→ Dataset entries
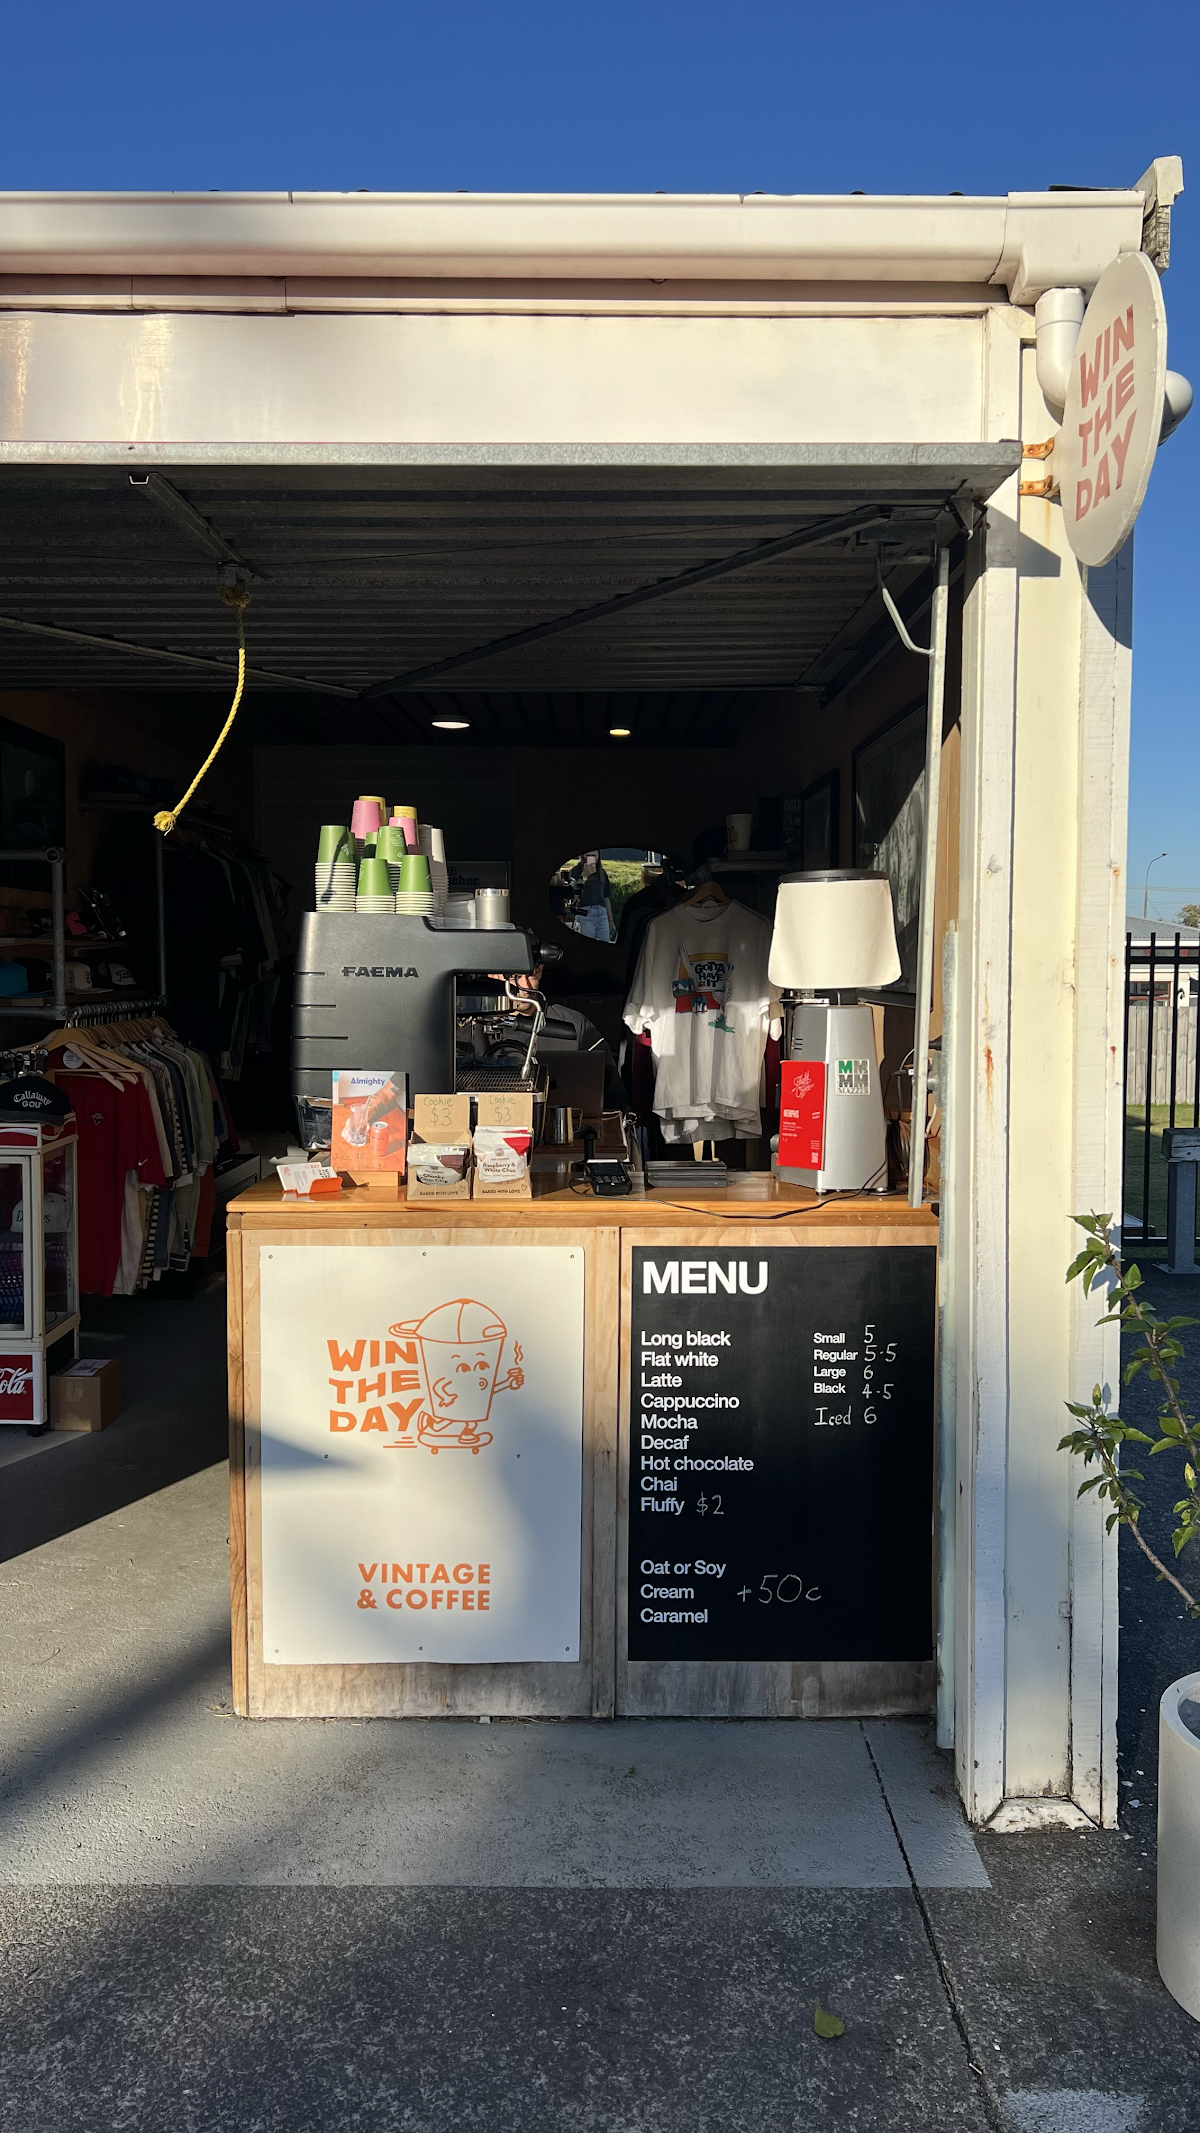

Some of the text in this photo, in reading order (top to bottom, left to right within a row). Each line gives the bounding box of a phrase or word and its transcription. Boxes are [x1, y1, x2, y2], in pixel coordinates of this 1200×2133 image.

[1079, 303, 1135, 409] WIN
[1078, 358, 1135, 467] THE
[1075, 408, 1137, 522] DAY
[341, 966, 419, 978] FAEMA
[694, 961, 725, 974] GOTTA
[699, 972, 723, 981] HAVE
[706, 979, 717, 988] IT
[350, 1077, 386, 1086] Almighty
[13, 1090, 53, 1106] Callaway
[22, 1100, 43, 1109] GOLF
[423, 1096, 454, 1107] Cookie
[489, 1094, 516, 1105] Cookie
[430, 1106, 452, 1127] $3
[494, 1105, 512, 1125] $3
[643, 1261, 769, 1294] MENU
[641, 1331, 731, 1349] Long black
[813, 1324, 876, 1344] Small 5
[327, 1339, 419, 1372] WIN
[641, 1351, 719, 1367] Flat white
[813, 1348, 859, 1362] Regular
[641, 1372, 683, 1388] Latte
[813, 1364, 874, 1380] Large 6
[0, 1367, 28, 1395] ola
[328, 1369, 421, 1404] THE
[813, 1383, 847, 1394] Black
[641, 1393, 740, 1411] Cappuccino
[329, 1397, 426, 1432] DAY
[641, 1414, 698, 1430] Mocha
[813, 1405, 877, 1427] Iced 6
[641, 1435, 689, 1450] Decaf
[641, 1456, 754, 1471] Hot chocolate
[641, 1476, 678, 1491] Chai
[641, 1491, 725, 1517] Fluffy $2
[357, 1563, 490, 1585] VINTAGE
[641, 1560, 727, 1579] Oat or Soy
[357, 1588, 490, 1611] & COFFEE
[641, 1584, 694, 1599] Cream
[641, 1608, 708, 1623] Caramel
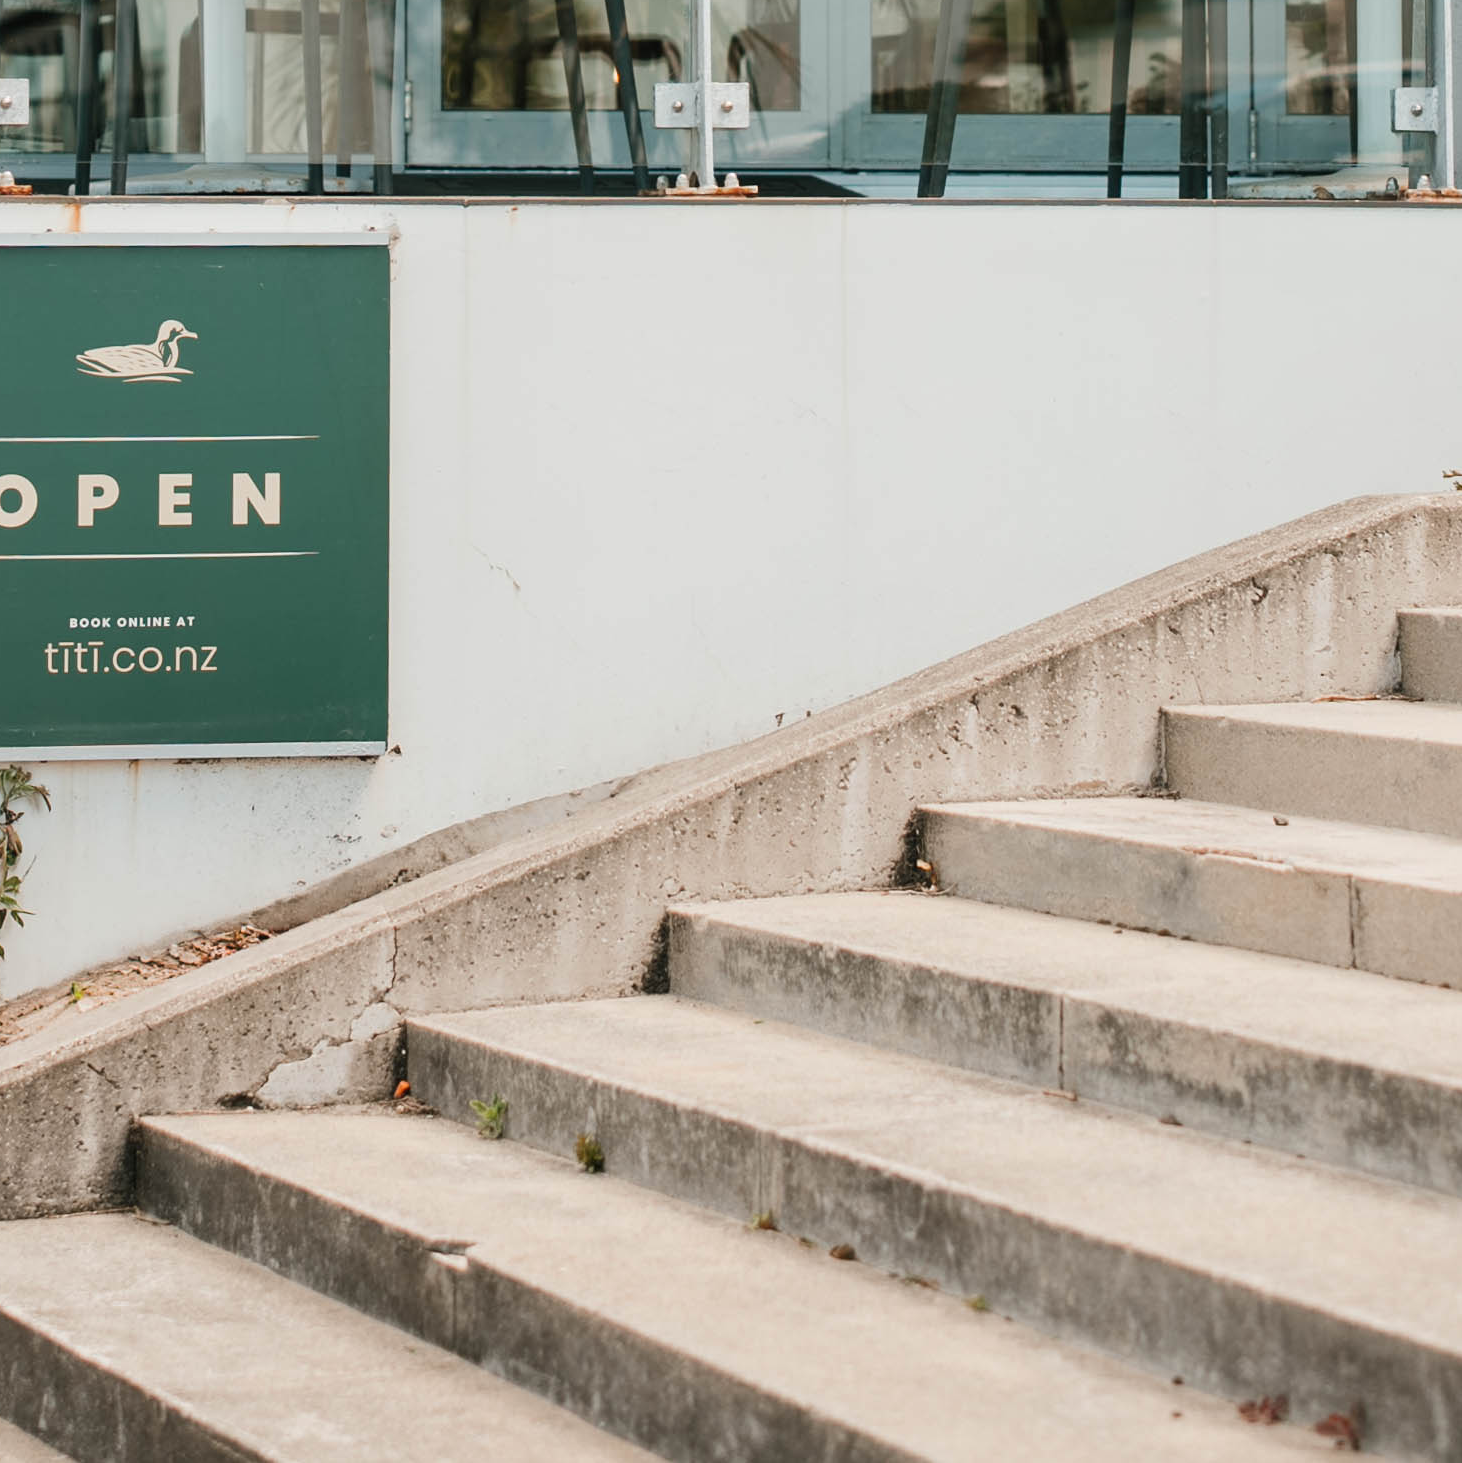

→ About this task
A word-for-word copy of every entry, with the pictures left out, is the required answer.

→ Reply to the task
Some of the text in this photo, in reading order (top to bottom, left to right within a row). Each line gives the bounding box of a phrase or word and its transcription. Boxes are [x1, y1, x2, y2], in pixel coordinates of this 1200×2133 image.

[1079, 303, 1135, 409] WIN
[1078, 358, 1135, 467] THE
[1075, 408, 1137, 522] DAY
[341, 966, 419, 978] FAEMA
[694, 961, 725, 974] GOTTA
[699, 972, 723, 981] HAVE
[706, 979, 717, 988] IT
[350, 1077, 386, 1086] Almighty
[13, 1090, 53, 1106] Callaway
[22, 1100, 43, 1109] GOLF
[423, 1096, 454, 1107] Cookie
[489, 1094, 516, 1105] Cookie
[430, 1106, 452, 1127] $3
[494, 1105, 512, 1125] $3
[643, 1261, 769, 1294] MENU
[641, 1331, 731, 1349] Long black
[813, 1324, 876, 1344] Small 5
[327, 1339, 419, 1372] WIN
[641, 1351, 719, 1367] Flat white
[813, 1348, 859, 1362] Regular
[641, 1372, 683, 1388] Latte
[813, 1364, 874, 1380] Large 6
[0, 1367, 28, 1395] ola
[328, 1369, 421, 1404] THE
[813, 1383, 847, 1394] Black
[641, 1393, 740, 1411] Cappuccino
[329, 1397, 426, 1432] DAY
[641, 1414, 698, 1430] Mocha
[813, 1405, 877, 1427] Iced 6
[641, 1435, 689, 1450] Decaf
[641, 1456, 754, 1471] Hot chocolate
[641, 1476, 678, 1491] Chai
[641, 1491, 725, 1517] Fluffy $2
[357, 1563, 490, 1585] VINTAGE
[641, 1560, 727, 1579] Oat or Soy
[357, 1588, 490, 1611] & COFFEE
[641, 1584, 694, 1599] Cream
[641, 1608, 708, 1623] Caramel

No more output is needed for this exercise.